__Material to process__.
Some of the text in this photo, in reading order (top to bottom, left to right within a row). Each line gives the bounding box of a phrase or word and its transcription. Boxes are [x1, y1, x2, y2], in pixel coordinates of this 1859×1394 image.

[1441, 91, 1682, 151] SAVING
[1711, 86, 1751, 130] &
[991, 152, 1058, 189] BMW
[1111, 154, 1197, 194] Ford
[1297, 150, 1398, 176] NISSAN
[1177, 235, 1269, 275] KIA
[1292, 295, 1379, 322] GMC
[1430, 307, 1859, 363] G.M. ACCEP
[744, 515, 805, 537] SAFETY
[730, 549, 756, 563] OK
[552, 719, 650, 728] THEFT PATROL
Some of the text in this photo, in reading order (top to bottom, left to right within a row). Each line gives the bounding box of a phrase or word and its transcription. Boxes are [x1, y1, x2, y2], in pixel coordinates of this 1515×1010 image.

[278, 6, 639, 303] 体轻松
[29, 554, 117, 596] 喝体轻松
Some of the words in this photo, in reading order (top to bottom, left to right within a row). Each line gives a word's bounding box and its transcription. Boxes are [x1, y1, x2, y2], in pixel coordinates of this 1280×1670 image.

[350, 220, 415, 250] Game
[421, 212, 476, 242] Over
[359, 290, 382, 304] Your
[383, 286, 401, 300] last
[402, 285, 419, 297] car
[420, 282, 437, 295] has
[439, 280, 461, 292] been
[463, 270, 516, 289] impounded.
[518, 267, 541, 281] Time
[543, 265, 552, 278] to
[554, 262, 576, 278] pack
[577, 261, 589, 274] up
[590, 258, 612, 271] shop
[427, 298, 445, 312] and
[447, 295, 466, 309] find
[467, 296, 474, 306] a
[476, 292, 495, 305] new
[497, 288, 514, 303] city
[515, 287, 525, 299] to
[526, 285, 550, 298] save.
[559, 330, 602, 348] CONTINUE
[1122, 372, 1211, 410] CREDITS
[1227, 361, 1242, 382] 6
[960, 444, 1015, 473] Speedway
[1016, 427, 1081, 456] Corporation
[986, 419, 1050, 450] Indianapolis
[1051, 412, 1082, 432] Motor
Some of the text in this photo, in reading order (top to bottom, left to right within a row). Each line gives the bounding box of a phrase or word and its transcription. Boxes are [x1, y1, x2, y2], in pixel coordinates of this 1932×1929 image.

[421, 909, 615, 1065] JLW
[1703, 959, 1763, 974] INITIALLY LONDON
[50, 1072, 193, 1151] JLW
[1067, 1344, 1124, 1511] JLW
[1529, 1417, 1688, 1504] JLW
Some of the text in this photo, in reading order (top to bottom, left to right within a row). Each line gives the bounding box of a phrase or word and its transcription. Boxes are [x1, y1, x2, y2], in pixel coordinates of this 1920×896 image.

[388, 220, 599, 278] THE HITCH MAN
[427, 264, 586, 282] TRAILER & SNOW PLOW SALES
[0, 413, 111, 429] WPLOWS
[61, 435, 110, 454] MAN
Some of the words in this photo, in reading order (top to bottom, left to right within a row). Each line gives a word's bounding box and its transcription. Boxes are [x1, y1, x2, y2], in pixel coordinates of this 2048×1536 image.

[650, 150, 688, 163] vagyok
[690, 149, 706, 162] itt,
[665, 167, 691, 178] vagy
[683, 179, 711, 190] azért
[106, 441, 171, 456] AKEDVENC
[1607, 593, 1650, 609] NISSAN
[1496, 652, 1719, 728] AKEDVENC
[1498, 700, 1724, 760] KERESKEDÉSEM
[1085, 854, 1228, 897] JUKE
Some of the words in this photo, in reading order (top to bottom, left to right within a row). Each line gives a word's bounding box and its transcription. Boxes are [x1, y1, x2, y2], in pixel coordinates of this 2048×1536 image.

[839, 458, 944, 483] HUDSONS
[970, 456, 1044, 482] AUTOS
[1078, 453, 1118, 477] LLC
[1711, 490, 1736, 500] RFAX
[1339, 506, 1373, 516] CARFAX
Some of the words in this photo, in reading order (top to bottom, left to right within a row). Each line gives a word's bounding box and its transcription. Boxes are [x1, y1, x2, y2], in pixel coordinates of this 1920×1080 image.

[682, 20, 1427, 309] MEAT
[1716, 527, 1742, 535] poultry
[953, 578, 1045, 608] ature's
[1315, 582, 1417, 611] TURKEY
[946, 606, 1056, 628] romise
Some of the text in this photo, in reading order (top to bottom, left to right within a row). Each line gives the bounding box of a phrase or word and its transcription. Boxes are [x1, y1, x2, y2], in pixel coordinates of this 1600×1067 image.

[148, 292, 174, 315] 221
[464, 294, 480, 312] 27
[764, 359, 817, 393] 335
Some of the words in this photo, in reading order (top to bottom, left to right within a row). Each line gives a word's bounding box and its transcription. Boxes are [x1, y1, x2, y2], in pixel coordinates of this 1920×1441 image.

__Required work__. Send back the whole listing above exactly, please.

__Answer to the exercise__.
Some of the text in this photo, in reading order (top to bottom, left to right within a row). Each line gives the bounding box of a phrase or word and its transcription. Boxes are [x1, y1, x2, y2], in pixel coordinates of this 1859×1394 image.

[1441, 91, 1682, 151] SAVING
[1711, 86, 1751, 130] &
[991, 152, 1058, 189] BMW
[1111, 154, 1197, 194] Ford
[1297, 150, 1398, 176] NISSAN
[1177, 235, 1269, 275] KIA
[1292, 295, 1379, 322] GMC
[1430, 307, 1859, 363] G.M. ACCEP
[744, 515, 805, 537] SAFETY
[730, 549, 756, 563] OK
[552, 719, 650, 728] THEFT PATROL
Some of the text in this photo, in reading order (top to bottom, left to right within a row). Each line gives the bounding box of a phrase or word and its transcription. Boxes are [x1, y1, x2, y2], in pixel coordinates of this 1515×1010 image.

[278, 6, 639, 303] 体轻松
[29, 554, 117, 596] 喝体轻松
Some of the words in this photo, in reading order (top to bottom, left to right within a row). Each line gives a word's bounding box and its transcription. Boxes are [x1, y1, x2, y2], in pixel coordinates of this 1280×1670 image.

[350, 220, 415, 250] Game
[421, 212, 476, 242] Over
[359, 290, 382, 304] Your
[383, 286, 401, 300] last
[402, 285, 419, 297] car
[420, 282, 437, 295] has
[439, 280, 461, 292] been
[463, 270, 516, 289] impounded.
[518, 267, 541, 281] Time
[543, 265, 552, 278] to
[554, 262, 576, 278] pack
[577, 261, 589, 274] up
[590, 258, 612, 271] shop
[427, 298, 445, 312] and
[447, 295, 466, 309] find
[467, 296, 474, 306] a
[476, 292, 495, 305] new
[497, 288, 514, 303] city
[515, 287, 525, 299] to
[526, 285, 550, 298] save.
[559, 330, 602, 348] CONTINUE
[1122, 372, 1211, 410] CREDITS
[1227, 361, 1242, 382] 6
[960, 444, 1015, 473] Speedway
[1016, 427, 1081, 456] Corporation
[986, 419, 1050, 450] Indianapolis
[1051, 412, 1082, 432] Motor
Some of the text in this photo, in reading order (top to bottom, left to right within a row). Each line gives the bounding box of a phrase or word and its transcription. Boxes are [x1, y1, x2, y2], in pixel coordinates of this 1932×1929 image.

[421, 909, 615, 1065] JLW
[1703, 959, 1763, 974] INITIALLY LONDON
[50, 1072, 193, 1151] JLW
[1067, 1344, 1124, 1511] JLW
[1529, 1417, 1688, 1504] JLW
Some of the text in this photo, in reading order (top to bottom, left to right within a row). Each line gives the bounding box of a phrase or word and its transcription. Boxes are [x1, y1, x2, y2], in pixel coordinates of this 1920×896 image.

[388, 220, 599, 278] THE HITCH MAN
[427, 264, 586, 282] TRAILER & SNOW PLOW SALES
[0, 413, 111, 429] WPLOWS
[61, 435, 110, 454] MAN
Some of the words in this photo, in reading order (top to bottom, left to right within a row). Each line gives a word's bounding box and its transcription. Boxes are [x1, y1, x2, y2], in pixel coordinates of this 2048×1536 image.

[650, 150, 688, 163] vagyok
[690, 149, 706, 162] itt,
[665, 167, 691, 178] vagy
[683, 179, 711, 190] azért
[106, 441, 171, 456] AKEDVENC
[1607, 593, 1650, 609] NISSAN
[1496, 652, 1719, 728] AKEDVENC
[1498, 700, 1724, 760] KERESKEDÉSEM
[1085, 854, 1228, 897] JUKE
Some of the words in this photo, in reading order (top to bottom, left to right within a row). Each line gives a word's bounding box and its transcription. Boxes are [x1, y1, x2, y2], in pixel coordinates of this 2048×1536 image.

[839, 458, 944, 483] HUDSONS
[970, 456, 1044, 482] AUTOS
[1078, 453, 1118, 477] LLC
[1711, 490, 1736, 500] RFAX
[1339, 506, 1373, 516] CARFAX
Some of the words in this photo, in reading order (top to bottom, left to right within a row). Each line gives a word's bounding box and its transcription. Boxes are [x1, y1, x2, y2], in pixel coordinates of this 1920×1080 image.

[682, 20, 1427, 309] MEAT
[1716, 527, 1742, 535] poultry
[953, 578, 1045, 608] ature's
[1315, 582, 1417, 611] TURKEY
[946, 606, 1056, 628] romise
Some of the text in this photo, in reading order (top to bottom, left to right within a row). Each line gives the bounding box of a phrase or word and its transcription. Boxes are [x1, y1, x2, y2], in pixel coordinates of this 1600×1067 image.

[148, 292, 174, 315] 221
[464, 294, 480, 312] 27
[764, 359, 817, 393] 335
Some of the words in this photo, in reading order (top to bottom, left to right within a row). Each line gives a word's bounding box and its transcription. Boxes are [x1, y1, x2, y2], in pixel coordinates of this 1920×1441 image.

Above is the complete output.